*What is expected*. Verbatim copy, images removed: write out the entries below.

*Material for the task*.
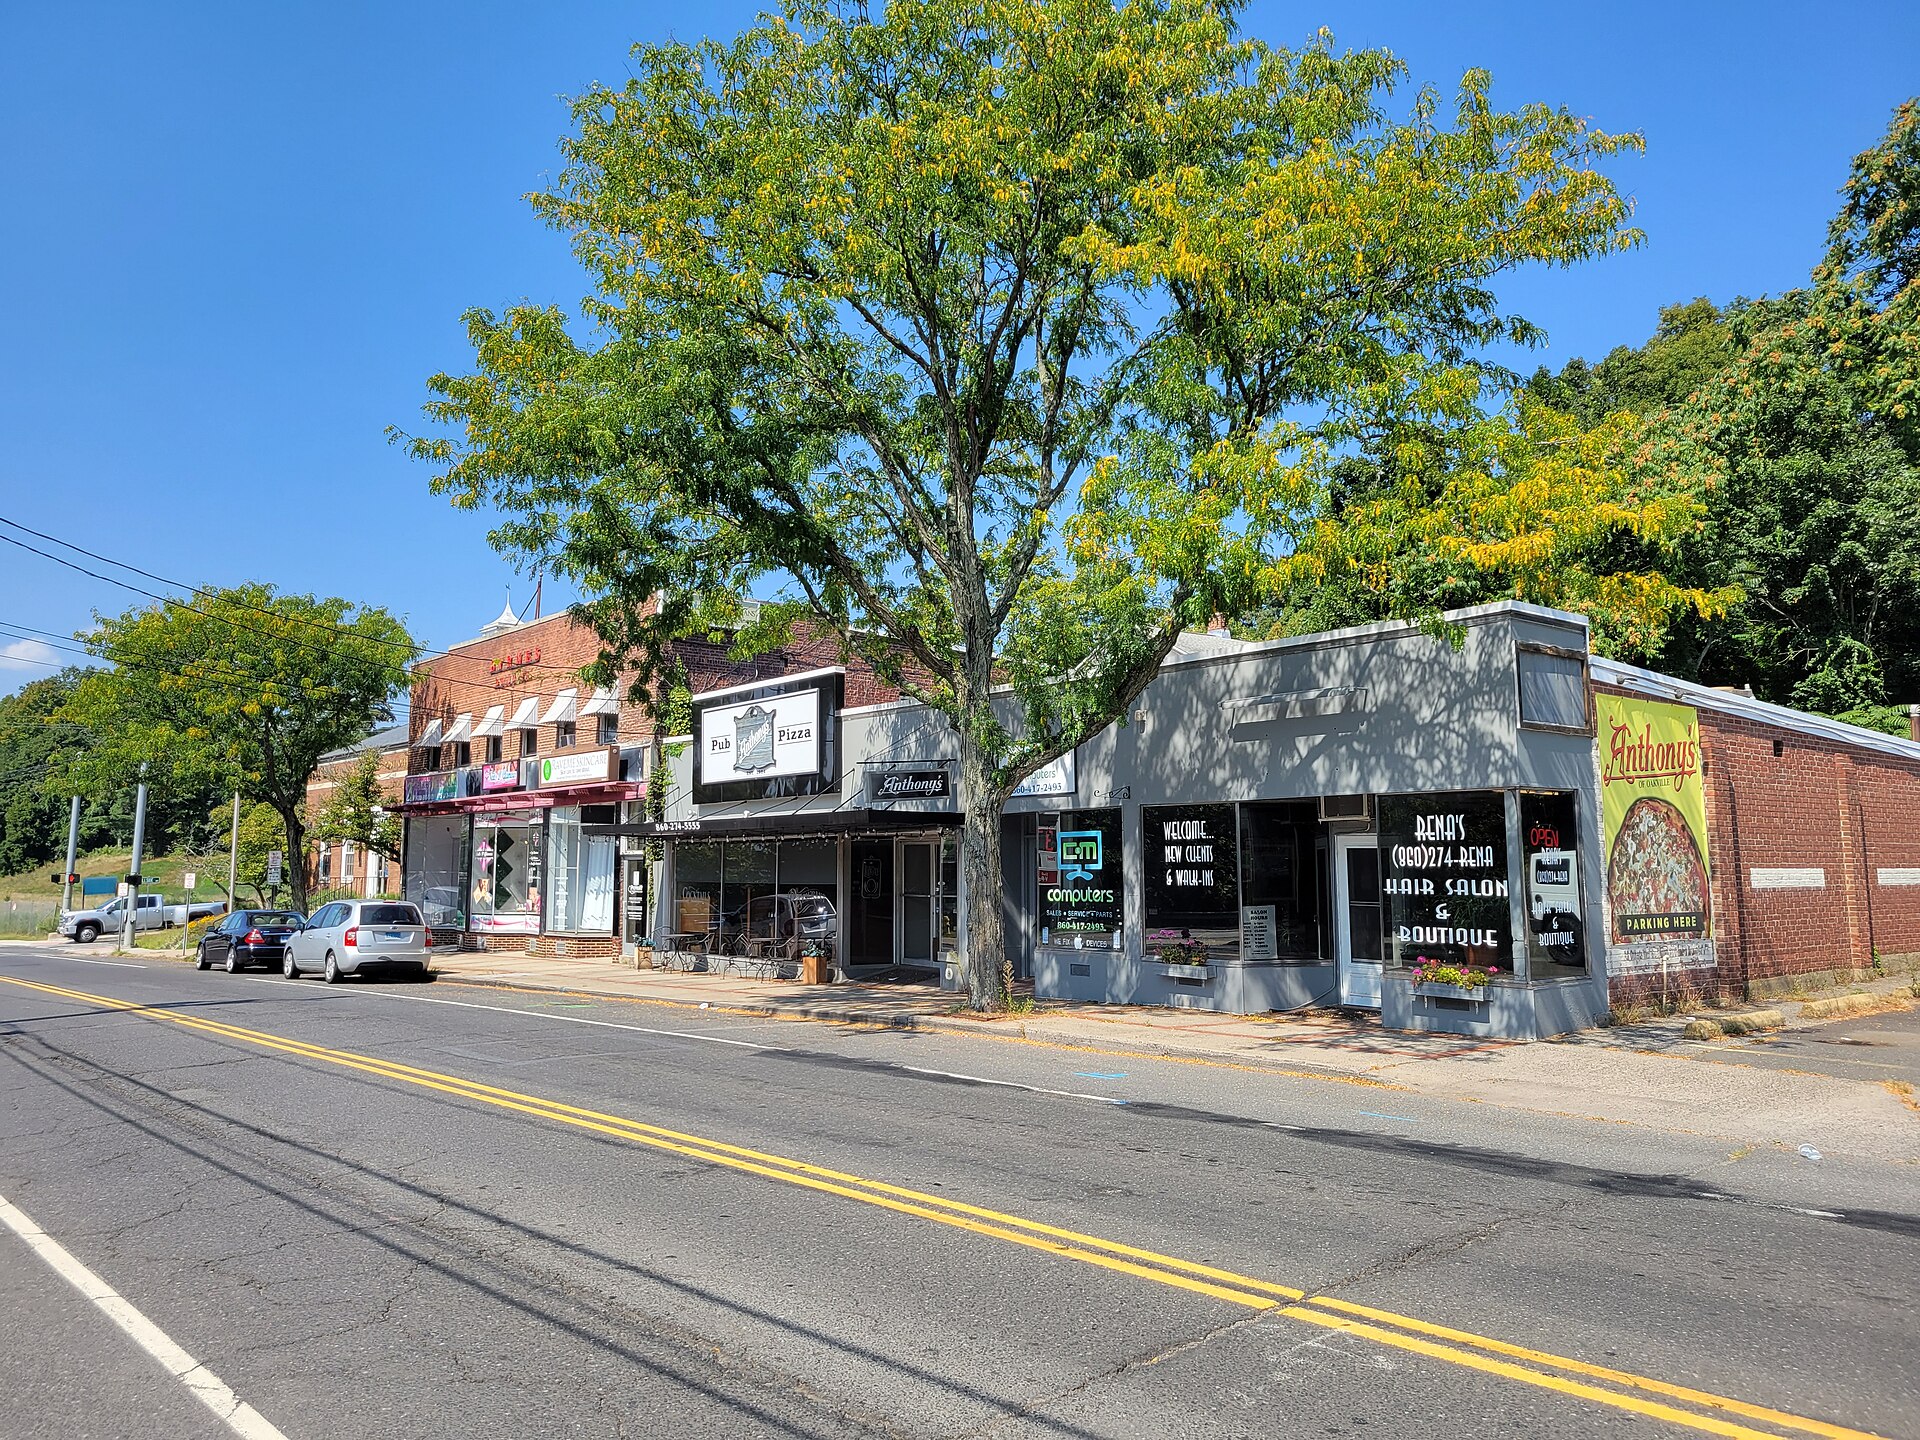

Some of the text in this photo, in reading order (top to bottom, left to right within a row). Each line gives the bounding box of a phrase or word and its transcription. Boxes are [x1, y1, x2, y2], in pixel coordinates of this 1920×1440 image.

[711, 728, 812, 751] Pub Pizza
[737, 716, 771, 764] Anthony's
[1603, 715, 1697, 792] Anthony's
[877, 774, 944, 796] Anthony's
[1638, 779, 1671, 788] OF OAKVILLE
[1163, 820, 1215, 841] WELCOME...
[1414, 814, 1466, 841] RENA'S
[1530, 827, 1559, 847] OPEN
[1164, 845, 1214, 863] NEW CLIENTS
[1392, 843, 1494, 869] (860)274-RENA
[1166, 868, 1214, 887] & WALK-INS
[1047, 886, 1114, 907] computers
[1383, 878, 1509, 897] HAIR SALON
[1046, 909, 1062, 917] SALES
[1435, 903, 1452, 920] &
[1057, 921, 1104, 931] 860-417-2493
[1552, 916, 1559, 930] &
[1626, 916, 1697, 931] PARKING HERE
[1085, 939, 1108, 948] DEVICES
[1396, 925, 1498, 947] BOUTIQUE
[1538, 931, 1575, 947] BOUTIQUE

*Solution for this task*.
Some of the text in this photo, in reading order (top to bottom, left to right within a row). Each line gives the bounding box of a phrase or word and its transcription. Boxes are [x1, y1, x2, y2], in pixel coordinates of this 1920×1440 image.

[711, 728, 812, 751] Pub Pizza
[737, 716, 771, 764] Anthony's
[1603, 715, 1697, 792] Anthony's
[877, 774, 944, 796] Anthony's
[1638, 779, 1671, 788] OF OAKVILLE
[1163, 820, 1215, 841] WELCOME...
[1414, 814, 1466, 841] RENA'S
[1530, 827, 1559, 847] OPEN
[1164, 845, 1214, 863] NEW CLIENTS
[1392, 843, 1494, 869] (860)274-RENA
[1166, 868, 1214, 887] & WALK-INS
[1047, 886, 1114, 907] computers
[1383, 878, 1509, 897] HAIR SALON
[1046, 909, 1062, 917] SALES
[1435, 903, 1452, 920] &
[1057, 921, 1104, 931] 860-417-2493
[1552, 916, 1559, 930] &
[1626, 916, 1697, 931] PARKING HERE
[1085, 939, 1108, 948] DEVICES
[1396, 925, 1498, 947] BOUTIQUE
[1538, 931, 1575, 947] BOUTIQUE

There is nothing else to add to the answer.